Researcher vladko312 releases a detailed write‑up and working payloads for the Twig sandbox bypass CVE‑2026‑46640, including error‑based, time‑based blind, and boolean‑based techniques. The gist also outlines the associated SSTImap module and notes on the related CVE‑2026‑46633.
Check Point released a security advisory and hotfix for CVE‑2026‑50751, a critical authentication‑bypass flaw in its Remote Access and Mobile Access VPNs using deprecated IKEv1. The vulnerability has been actively exploited in the wild, with a Qilin ransomware affiliate observed using it to gain initial access.
Researchers at Socket reported the Hades Cluster campaign, where attackers hijacked 19 scientific and deep‑learning PyPI packages and injected malicious *.pth startup‑hook files. The payload installs the Bun runtime to steal developer credentials, cloud tokens, and GitHub/NPM secrets whenever Python starts. Treat any install of the listed packages as compromised.
Volexity reports that the China‑linked threat actor VerdantBamboo (aka WARP PANDA) compromised a Managed Services Provider's pfSense firewall, installing a BSD‑compatible Brickstorm backdoor along with PLENET/GRIMBOLT and AGENTPSD tools to target Linux appliances. The intrusion had persisted for at least 18 months, enabling proxy access to the victim’s network and Microsoft 365 services.
Google Mandiant identified UNC3753, a financially motivated group, using voice‑phishing (vishing) and on‑site impersonation to infiltrate U.S. legal and financial firms from Jan‑May 2026. After gaining remote RMM access, attackers sometimes entered offices as fake IT staff to copy data onto USB drives, then extorted victims.

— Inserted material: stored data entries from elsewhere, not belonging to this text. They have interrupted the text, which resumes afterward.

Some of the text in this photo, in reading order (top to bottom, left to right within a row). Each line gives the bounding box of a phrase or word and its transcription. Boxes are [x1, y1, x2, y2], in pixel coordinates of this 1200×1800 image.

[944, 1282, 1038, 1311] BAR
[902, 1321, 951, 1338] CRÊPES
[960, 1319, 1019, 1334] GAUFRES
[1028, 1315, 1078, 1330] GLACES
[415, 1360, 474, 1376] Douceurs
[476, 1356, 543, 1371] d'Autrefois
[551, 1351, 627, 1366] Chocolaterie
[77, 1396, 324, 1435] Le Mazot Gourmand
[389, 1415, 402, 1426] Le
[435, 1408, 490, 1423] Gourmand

A joint effort called ‘Disruption Week’, involving the U.S. Department of Justice, Thai police and companies like Apple, Google and Coinbase, disabled over 1.4 million social‑media, Microsoft and Starlink accounts tied to fraud compounds in Cambodia, Laos and Burma. The operation also froze $3.8 million in crypto assets and led to dozens of arrests.

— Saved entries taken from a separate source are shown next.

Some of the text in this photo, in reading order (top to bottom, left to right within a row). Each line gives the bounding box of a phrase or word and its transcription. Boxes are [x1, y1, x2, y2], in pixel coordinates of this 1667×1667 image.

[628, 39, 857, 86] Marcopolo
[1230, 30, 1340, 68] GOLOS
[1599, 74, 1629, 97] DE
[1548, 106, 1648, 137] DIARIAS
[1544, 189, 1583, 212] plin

Health‑tech wearable maker Ultrahuman revealed that hackers accessed an internal analytics system, leaking contact details, account info, transaction history, and some fitness data for about 700 users (≈0.1% of its base). Passwords and payment information remained secure.

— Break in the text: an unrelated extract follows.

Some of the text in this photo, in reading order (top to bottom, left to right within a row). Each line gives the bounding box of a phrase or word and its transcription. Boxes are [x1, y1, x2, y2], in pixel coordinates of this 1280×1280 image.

Oxford University’s CareerConnect platform was hacked on May 28, exposing users’ names, email addresses and, for non‑SSO accounts, encrypted passwords. The third‑party provider GTI fixed the vulnerability and forced password resets, while the university assures no course, financial or file data were compromised.
The paper proposes using variational autoencoders to generate realistic malware variants, augmenting scarce training data for machine‑learning detectors such as Random Forest, XGBoost, and sequential models. Evaluations show notable improvements in accuracy, precision, recall, and F1 scores, illustrating generative AI’s promise for proactive malware defense.
EDRChoker exploits Windows' policy‑based Quality of Service to impose hard outbound bandwidth caps on Endpoint Detection and Response agents, causing their telemetry streams to time out and effectively disabling the agents. The technique avoids firewall or WFP rules, offering a stealthier evasion path for red teams.
Microsoft’s VS Code 1.123 release introduces a built‑in two‑hour delay before extensions are auto‑updated when automatic updates are enabled. The pause gives developers time to detect malicious or broken releases, reducing the risk of software supply‑chain attacks.